I've been reading the very helpful (but cranky) book, 30 Reasons Employees Hate Their Managers, by Bruce L. Katcher with Adam Snyder. And I'm struck by how many reasons are related to poor communication. For example, employees hate it when:

  • They are afraid to speak up.
  • Managers don't listen to them.
  • They don't trust the information they receive from managers
  • Managers don't tell employees what they need to know to do their work.
  • There are too many darn meetings.

As your company grows, you rely on managers to share information. But most managers need help to be successful.

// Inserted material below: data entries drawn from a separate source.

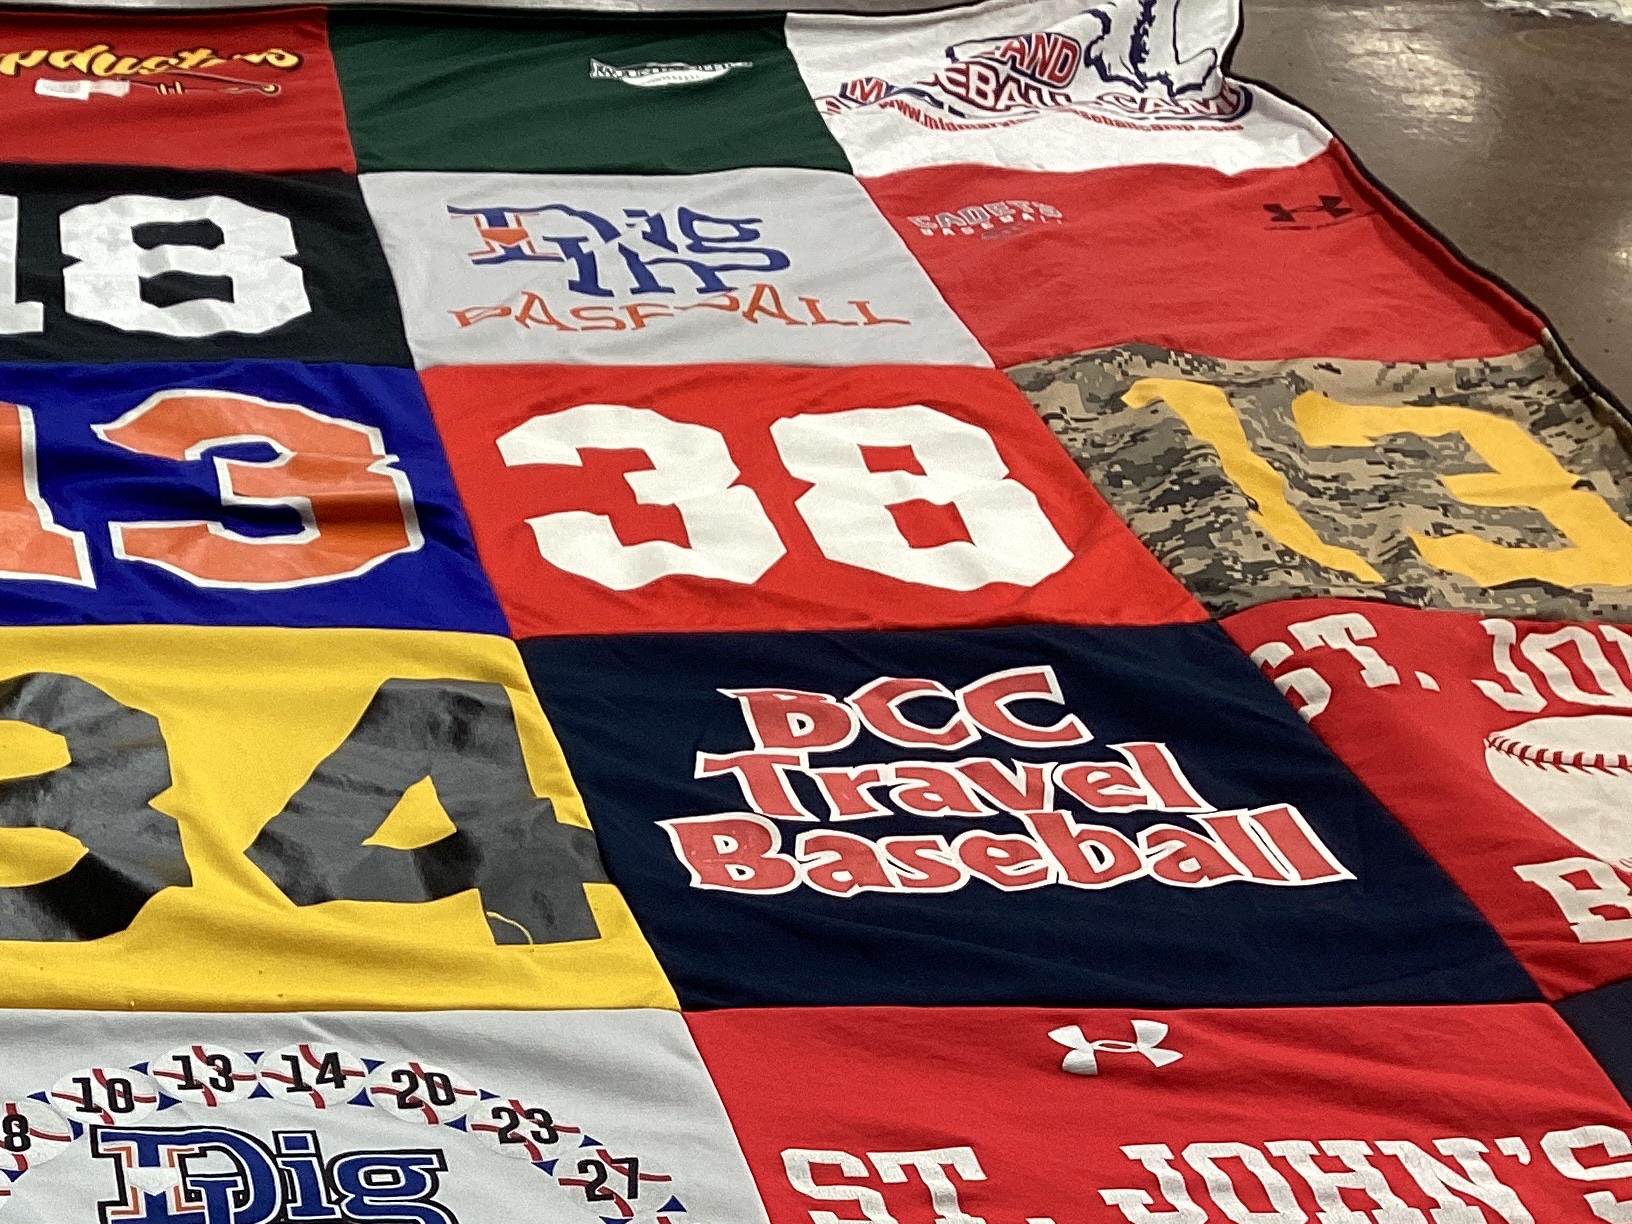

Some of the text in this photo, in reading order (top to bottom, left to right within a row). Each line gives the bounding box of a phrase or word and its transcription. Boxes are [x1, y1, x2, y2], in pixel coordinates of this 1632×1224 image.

[906, 199, 1064, 230] CADETS
[495, 403, 1075, 592] 38
[1120, 377, 1632, 588] 13
[716, 664, 1095, 753] DCC
[694, 741, 1218, 823] Travel
[654, 803, 1357, 897] Baseball
[171, 1053, 235, 1093] 13
[280, 1051, 348, 1093] 14
[390, 1071, 456, 1108] 20
[71, 1076, 136, 1115] 10
[1, 1114, 32, 1153] 8
[491, 1105, 561, 1145] 23
[576, 1156, 640, 1202] 27

While it's true that managers are employees' most trusted source of information, it's also true that many managers are not natural communicators. But before you invest in extensive skills training, consider these three reasons why managers don't fulfill their role:

  • Expectations. Don't know that communication is a key part of their job.
  • Knowledge. Don't understand the topic well enough to present it, interpret it or answer questions about it.
  • Accountability. Aren't held responsible (through performance management or other metrics) for communicating.

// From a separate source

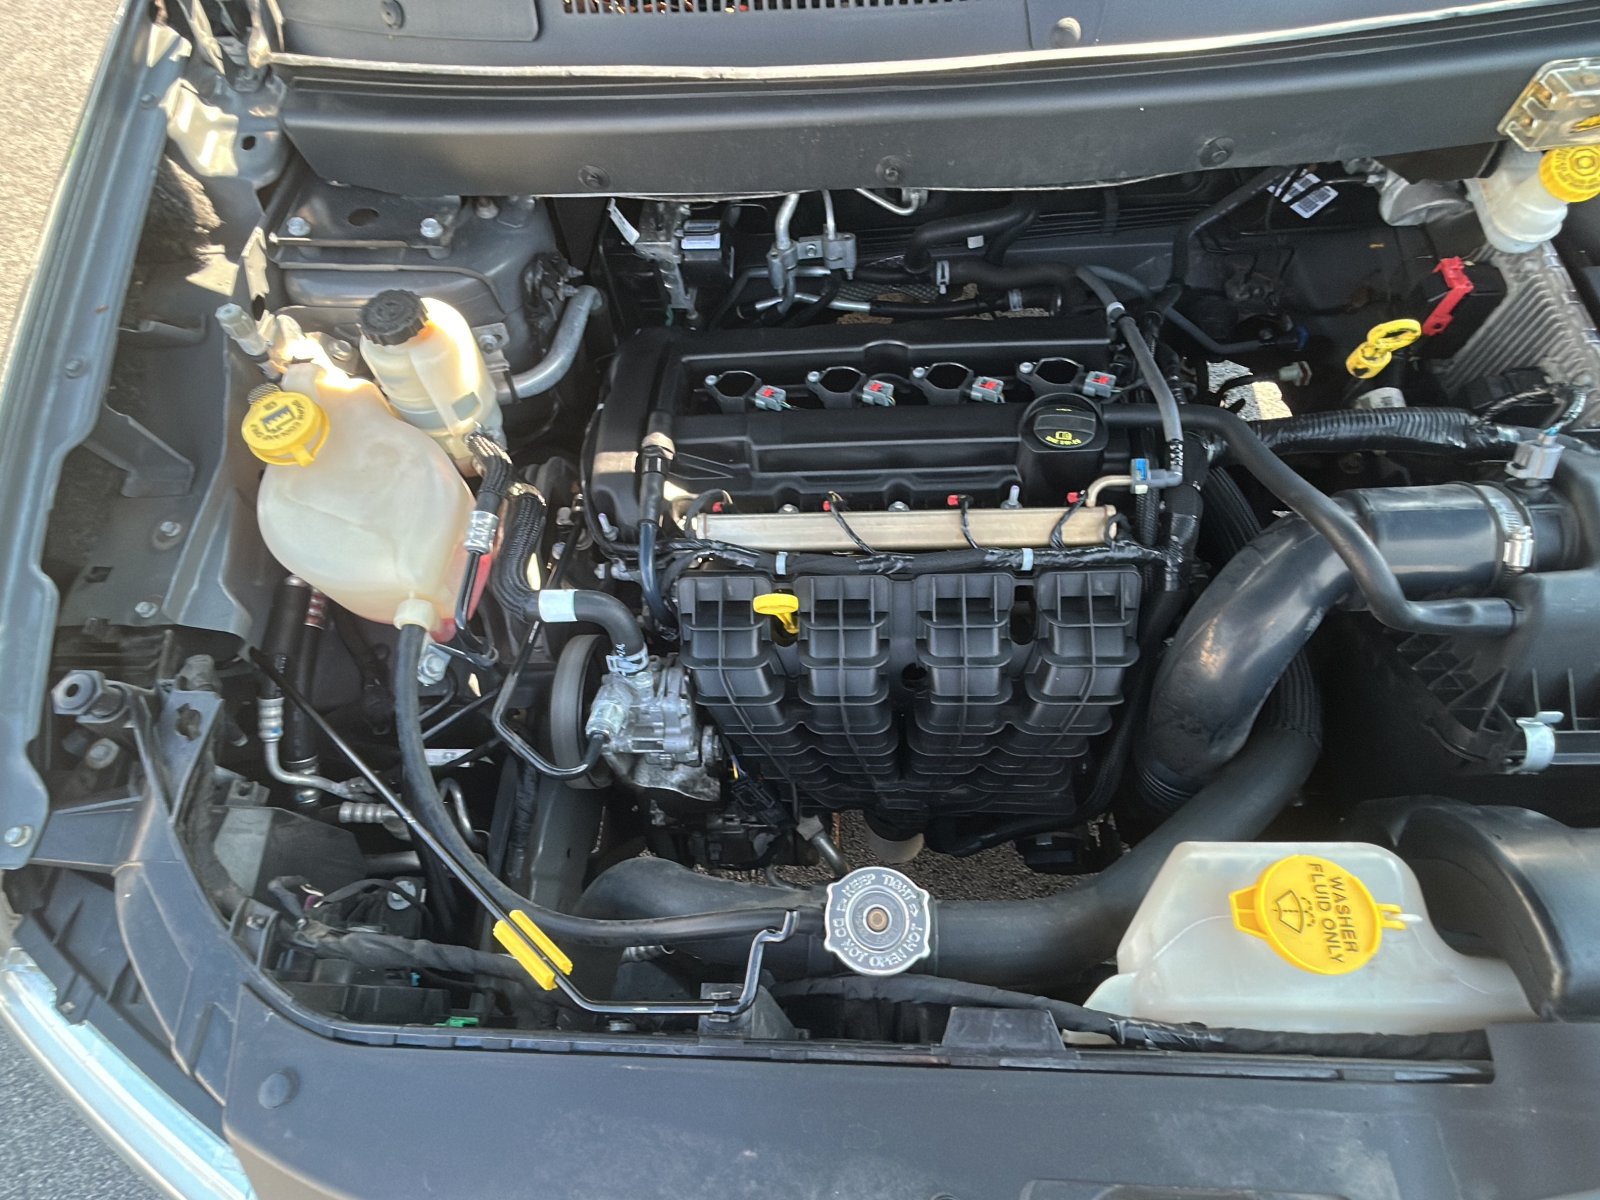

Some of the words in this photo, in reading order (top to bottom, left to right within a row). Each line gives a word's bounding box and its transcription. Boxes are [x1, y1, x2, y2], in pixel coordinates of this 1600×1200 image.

What can you do to address these issues? Here are 5 things to do:

1. Make sure you clearly articulate communication roles. Be specific about what and how you (as senior leader) communicate--and what you expect managers to share. Ask your HR manager to include communication into managers' job descriptions so the expectation is baked into their role.

2. Build accountability into performance management and other methods to evaluate managers. You know the problem: Unless communication is part of the formula to give managers raises or bonuses, it won't be a priority. Put managers' money where their mouth is.

3. Invest time in making sure managers understand content. Especially if the topic is complex, a 20-minute presentation is not enough to make managers comfortable. Design sessions to give managers the confidence they need to present:

When planning to brief managers, allocate at least 90 minutes for the meeting.

If possible, get everyone together face to face. If your office is too distracting, consider taking managers off site. Of course you'll present content, but presentations should be the shortest part of the meeting. Allow at least 50% of the time for questions and dialogue.

4.  Create tools to help managers share information. You might consider:

  • A very short PowerPoint presentation.Managers won't give a detailed presentation, but they will use a short (5-8 slides) PPT to share highlights at staff meetings and during one-on-one discussions.
  • A one-page guide that makes it easy for managers to have everything they need. This guide that contains all essential information: what is changing, when, why and how. 
  • FAQs. Compile Frequently Asked Questions in a document that provides the questions employees are likely to ask, along with the answers managers need. The key is to include the toughest questions so managers are ready any time team members approach them with a question.

5. Develop a microsite 
It's the perfect place to house resources and build skills. Make it social by including discussion threads, so colleagues can share challenges and solutions. Provide access to on-demand learning that can be accessed quickly when faced with a challenge.

Once you start providing managers with support, ask for feedback to determine which methods have the greatest impact.